**Work order:** Only the final stretch of lines is needed: output exactly the line containing "this 1500×998 image." and all lines following it in the listing below.

**Raw data:**
+ + + + +

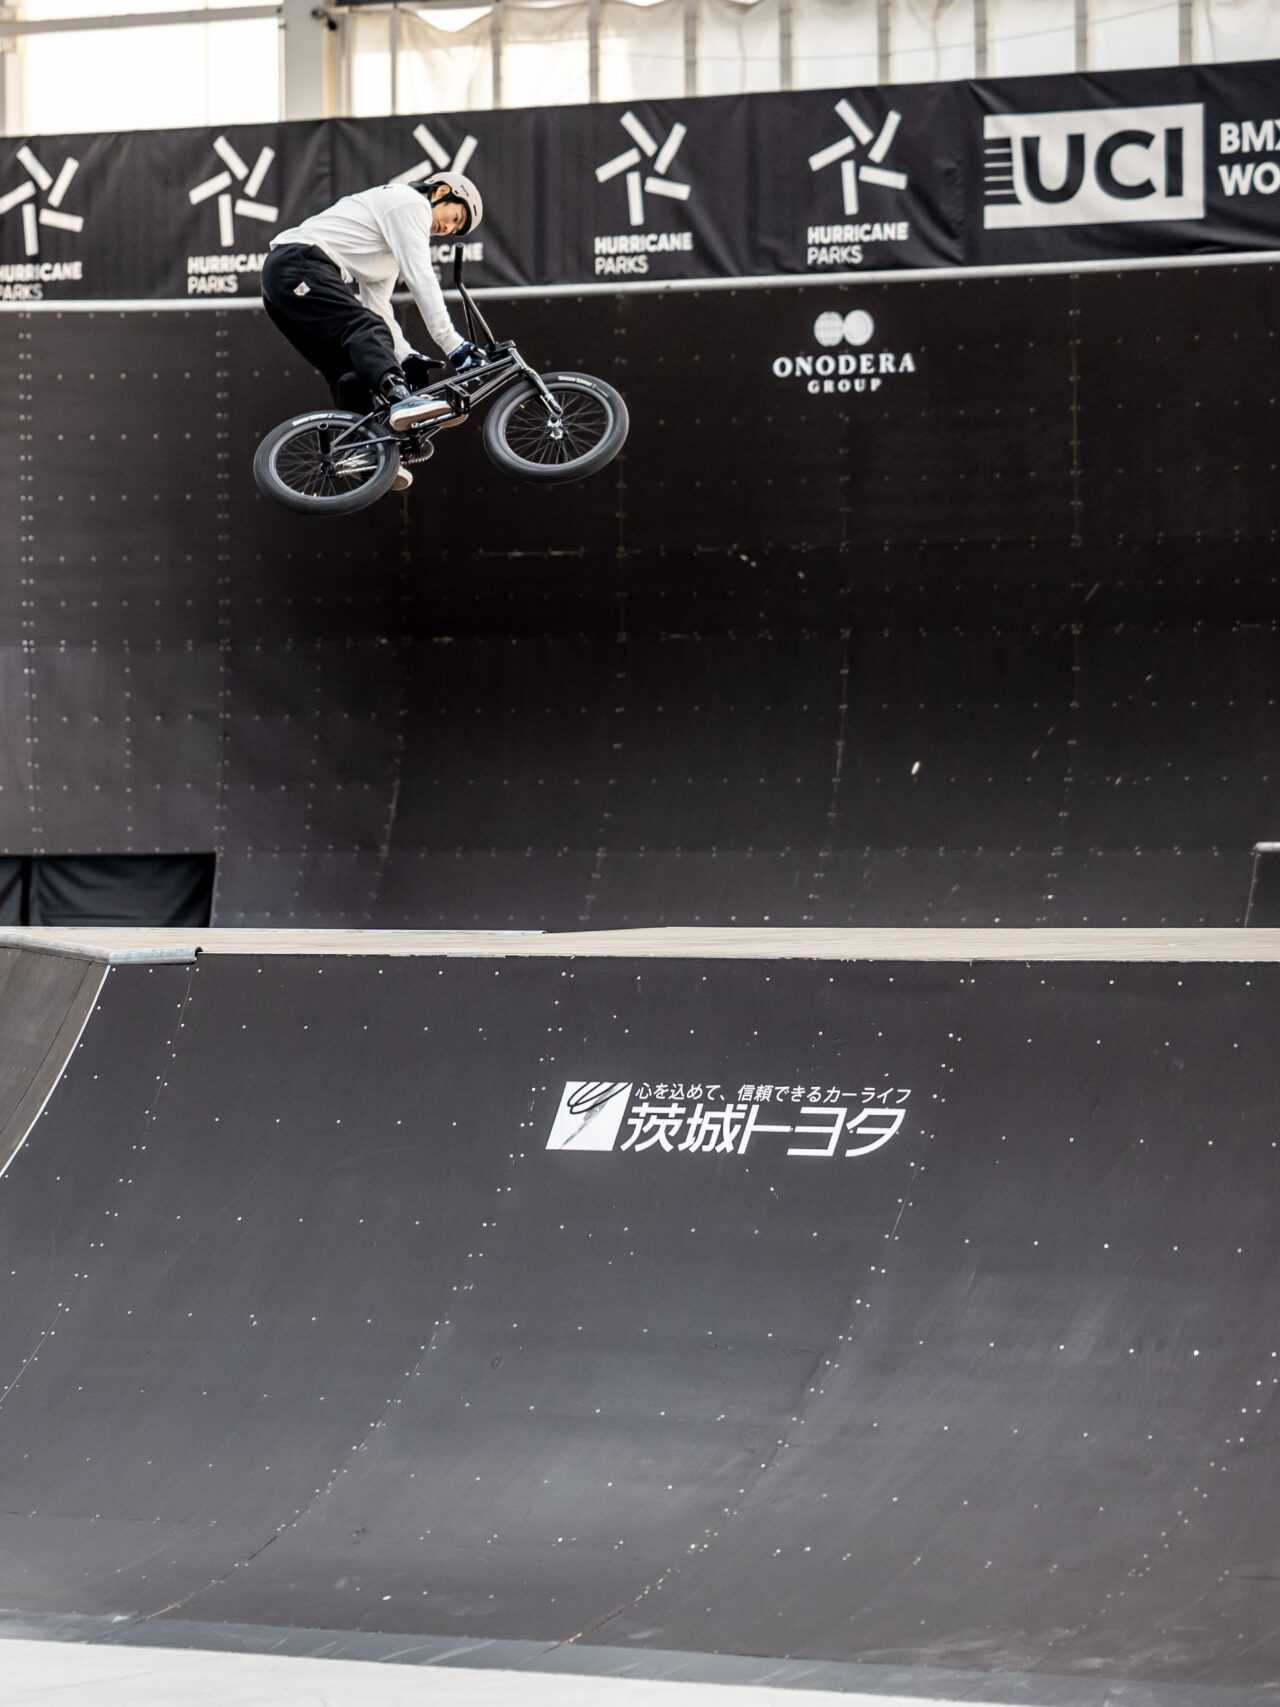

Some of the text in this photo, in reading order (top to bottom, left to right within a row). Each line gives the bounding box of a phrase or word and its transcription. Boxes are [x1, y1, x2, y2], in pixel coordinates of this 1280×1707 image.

[1021, 127, 1183, 204] UCI
[594, 231, 694, 255] HURRICANE
[807, 221, 910, 245] HURRICANE
[187, 252, 269, 275] HURRICAN
[594, 254, 650, 275] PARKS
[807, 245, 863, 266] PARKS
[187, 274, 239, 295] PARKS
[772, 352, 916, 378] ONODERA
[807, 377, 883, 394] GROUP
[635, 1083, 912, 1105] 心を込めて、信頼できるカーライフ
[620, 1102, 907, 1158] 茨城トヨタ
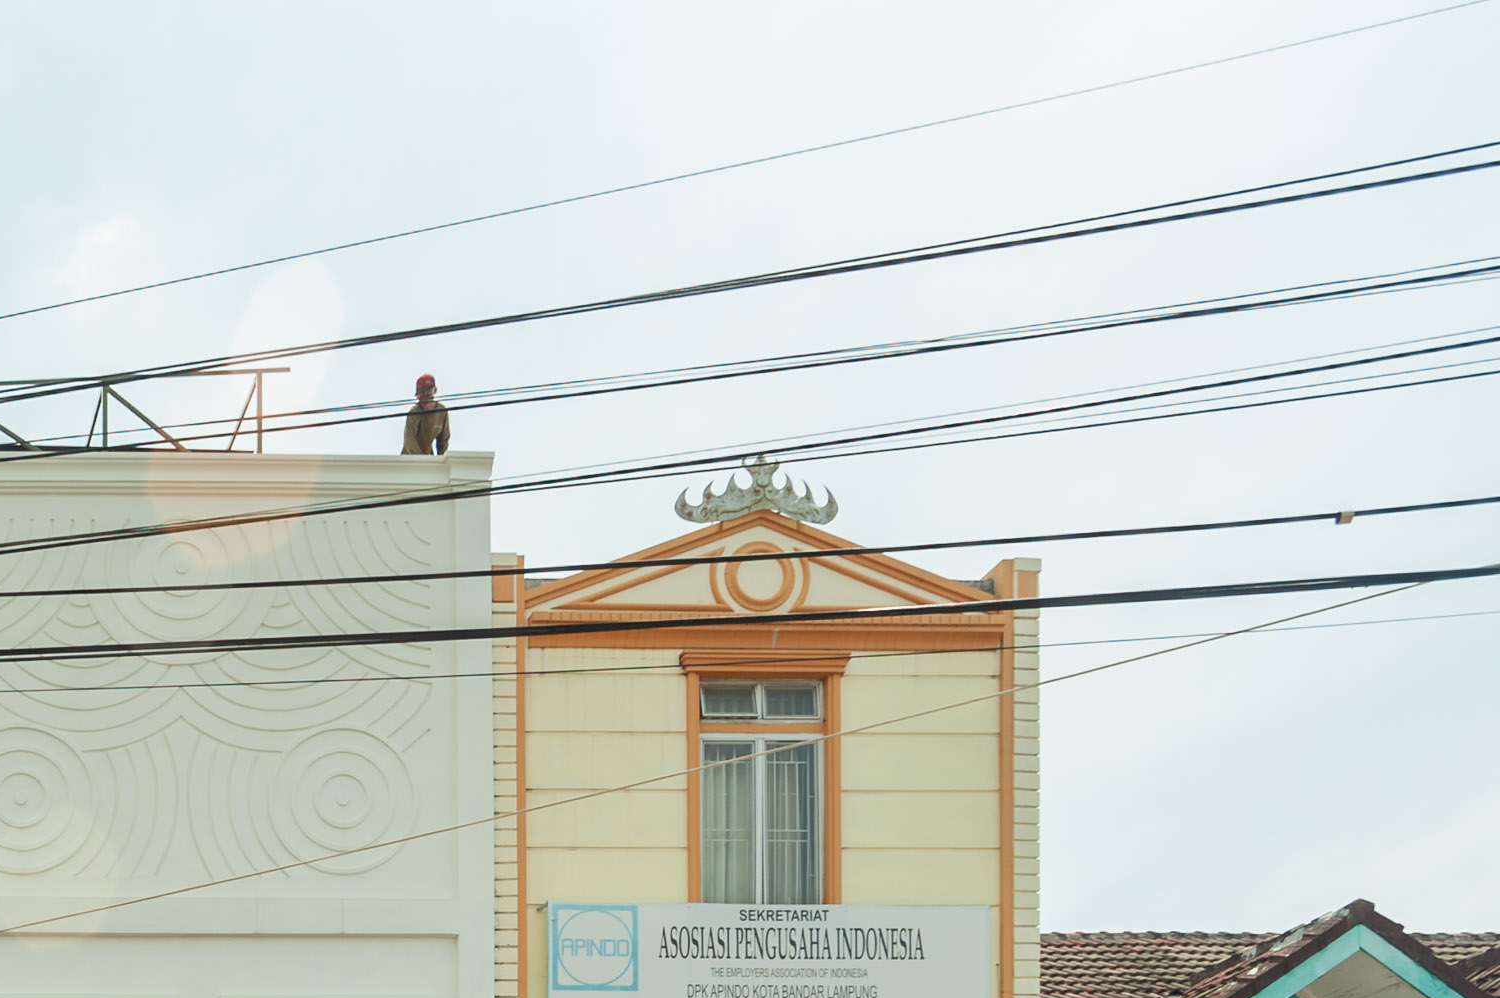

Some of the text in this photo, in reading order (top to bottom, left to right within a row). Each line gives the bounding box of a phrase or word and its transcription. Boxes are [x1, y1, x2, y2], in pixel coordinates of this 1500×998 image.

[739, 909, 830, 922] SEKRETARIAT
[561, 938, 630, 957] APINDO
[658, 926, 925, 960] ASOSIASI PENGUSAHA INDONESIA
[710, 967, 868, 978] THE EMPLOYERS ASSOCIATION OF INDONESIA
[687, 984, 709, 998] DPK
[710, 984, 750, 998] APINDO
[752, 985, 780, 998] KOTA

+ + + + +

**Written response:**
Some of the text in this photo, in reading order (top to bottom, left to right within a row). Each line gives the bounding box of a phrase or word and its transcription. Boxes are [x1, y1, x2, y2], in pixel coordinates of this 1500×998 image.

[739, 909, 830, 922] SEKRETARIAT
[561, 938, 630, 957] APINDO
[658, 926, 925, 960] ASOSIASI PENGUSAHA INDONESIA
[710, 967, 868, 978] THE EMPLOYERS ASSOCIATION OF INDONESIA
[687, 984, 709, 998] DPK
[710, 984, 750, 998] APINDO
[752, 985, 780, 998] KOTA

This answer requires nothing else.